With the crisis in Khartoum deepening, the GoS embarked on a military build-up, purchasing combat aircraft, upgrading and expanding southern bases and recruiting foreign mercenaries.  Khartoum has been preparing for a war intended to solve its political and economic problems. On 8 June 2013 Sudan’s president suddenly blocked the flow of oil from South Sudan, threatening to cripple South Sudan’s economy. On 30 June President Kiir sent Vice-President Machar to Khartoum to secure Juba’s rights. Instead Machar negotiated in such a way that Khartoum reportedly told Arab diplomats that it would dialogue with Juba only if the government was run by Machar. 

On 3 July the GoS launched aerial attacks and ground invasions in South Sudan’s Unity and Upper Nile states. Yida refugee camp, where Samaritan’s Purse is caring for many thousands of Nuba refugees, was targeted. Whilst the SPLA (South Sudan’s army) was able to repulse the Sudan Armed Forces (SAF), the political damage was done. Machar — who created the crisis — demanded Kiir stand down. Opposition to Kiir mounted; the government became paralysed. On 23 July Kiir issued a presidential decree, removing Machar and dissolving the government. Machar’s Nuer allies and all other opposition were purged. Tensions soared. 

Tensions also soared in Sudan where protesters were calling for a change of government in Khartoum. In 1997 Khartoum supported Machar in his fight against the Dinka-dominated SPLA which was resisting Khartoum’s Islamisation of the predominantly Christian south. After the war Machar was absorbed into the government of South Sudan and his various militias were drawn into the Dinka-dominated SPLA. Whilst intended to foster reconciliation, it did the opposite. Fighting broke out on 15 December after Kiir ordered that the Nuer members of the presidential guard be disarmed. Nuer soldiers allied to Machar subsequently attacked army headquarters. 

Dinka soldiers then went on a revenge-fuelled rampage killing ethnic Nuer. As news of this spread, Nuer in Unity and Upper Nile responded by killing Dinkas. Riek Machar appears to be less interested in peace than in power. Consequently, he might not negotiate until he has acquired leverage through the seizing of oil fields or Juba itself. However, unless hostilities cease immediately, South Sudan’s future will be bleak. As reported, Khartoum has been preparing for war. Chaos in South Sudan would present Khartoum with a perfect opportunity to invade and seize the oil fields of Abyei, Unity and Upper Nile. 

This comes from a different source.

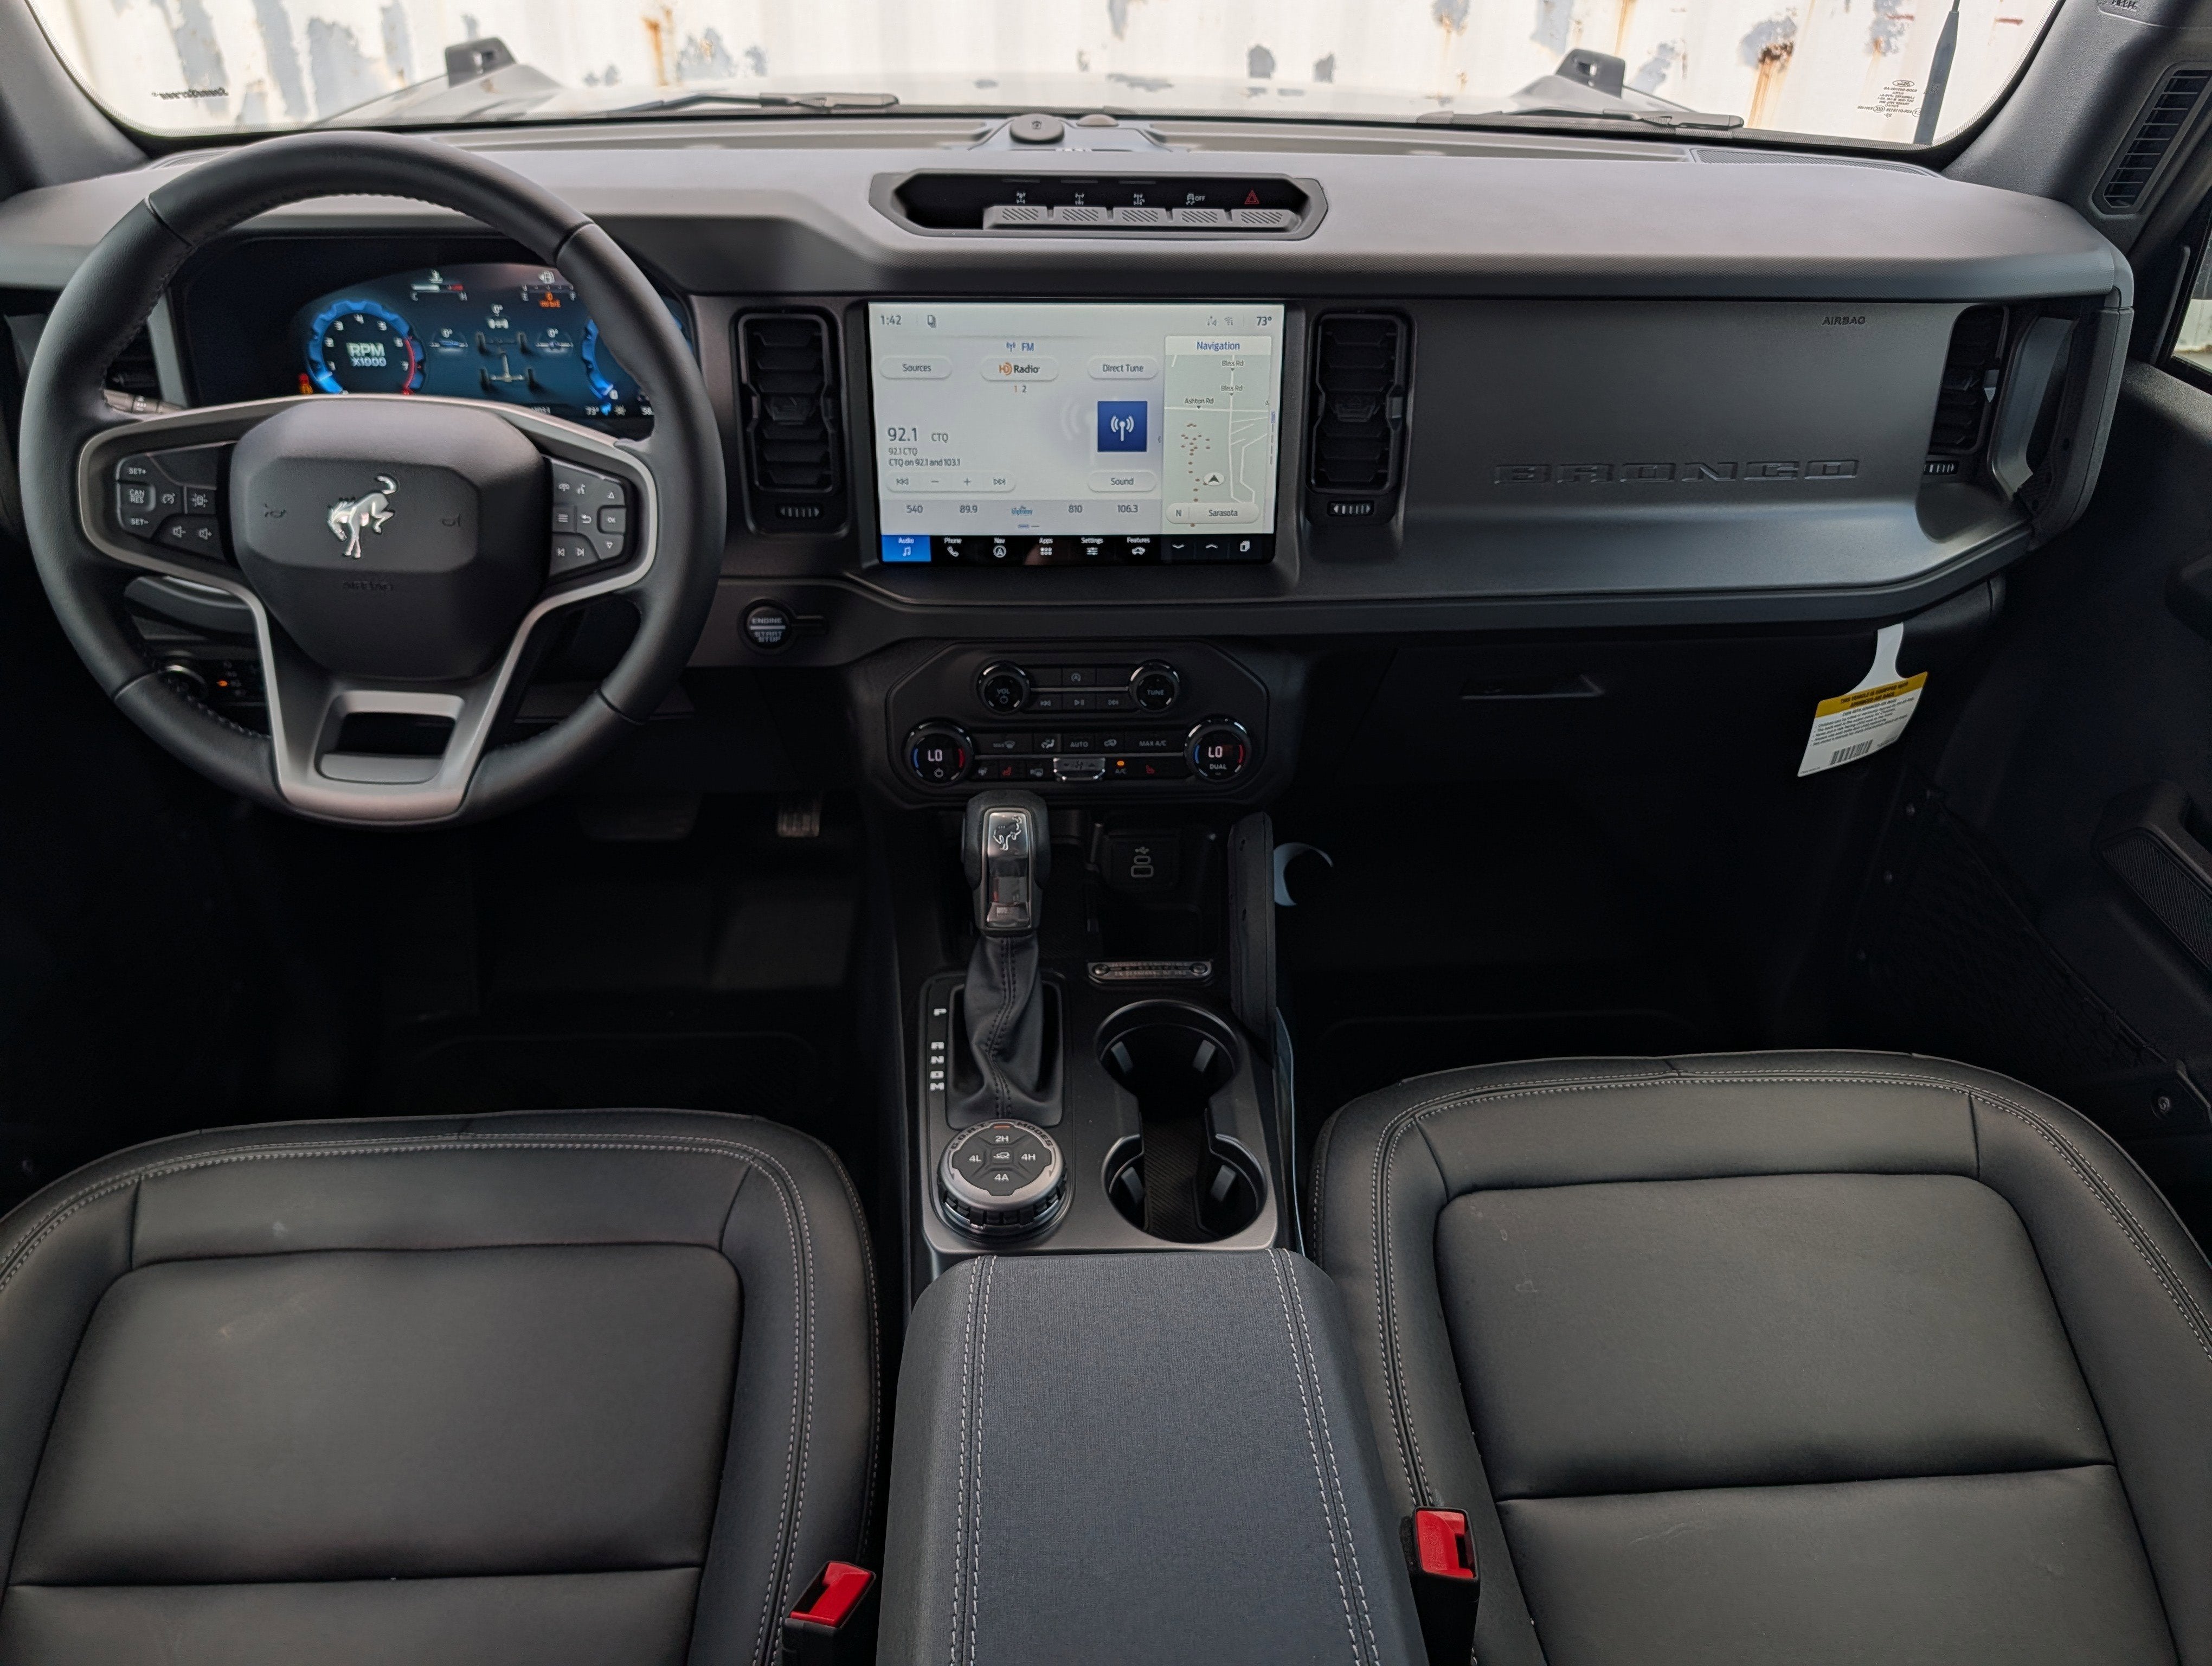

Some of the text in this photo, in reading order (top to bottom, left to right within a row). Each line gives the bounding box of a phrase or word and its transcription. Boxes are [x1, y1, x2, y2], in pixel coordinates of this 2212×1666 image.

The duplicitous GoS, which is blocking humanitarian aid to the persecuted Nuba in Sudan, is reportedly sending humanitarian aid to South Sudan. On 6 January 2014 Sudan’s duplicitous president Omar al-Bashir met with President Kiir in Juba. According to Sudan’s Foreign Minister Ali Karti, South Sudan has requested talks with Sudan on deploying a joint force to secure oil fields (i.e. Kiir might invite the Sudan Armed Forces into the oil fields). However, many observers, including SPLA spokesman Philip Aqueir, believe the GoS has already struck an alliance with Machar. May God have mercy on the long-suffering, mostly Christian peoples of South Sudan. 


* give wisdom and authority to those who mediate this crisis: politicians and community leaders, religious leaders and regional leaders, especially the Intergovernmental Authority on Development (IGAD). 

* turn the hearts of South Sudan’s leaders, changing their direction from self-interest to national interest; from personal power to peace; from revenge to healing; from personal glory at any cost to life and hope for the long-suffering citizens of South Sudan (Proverbs 21:1). 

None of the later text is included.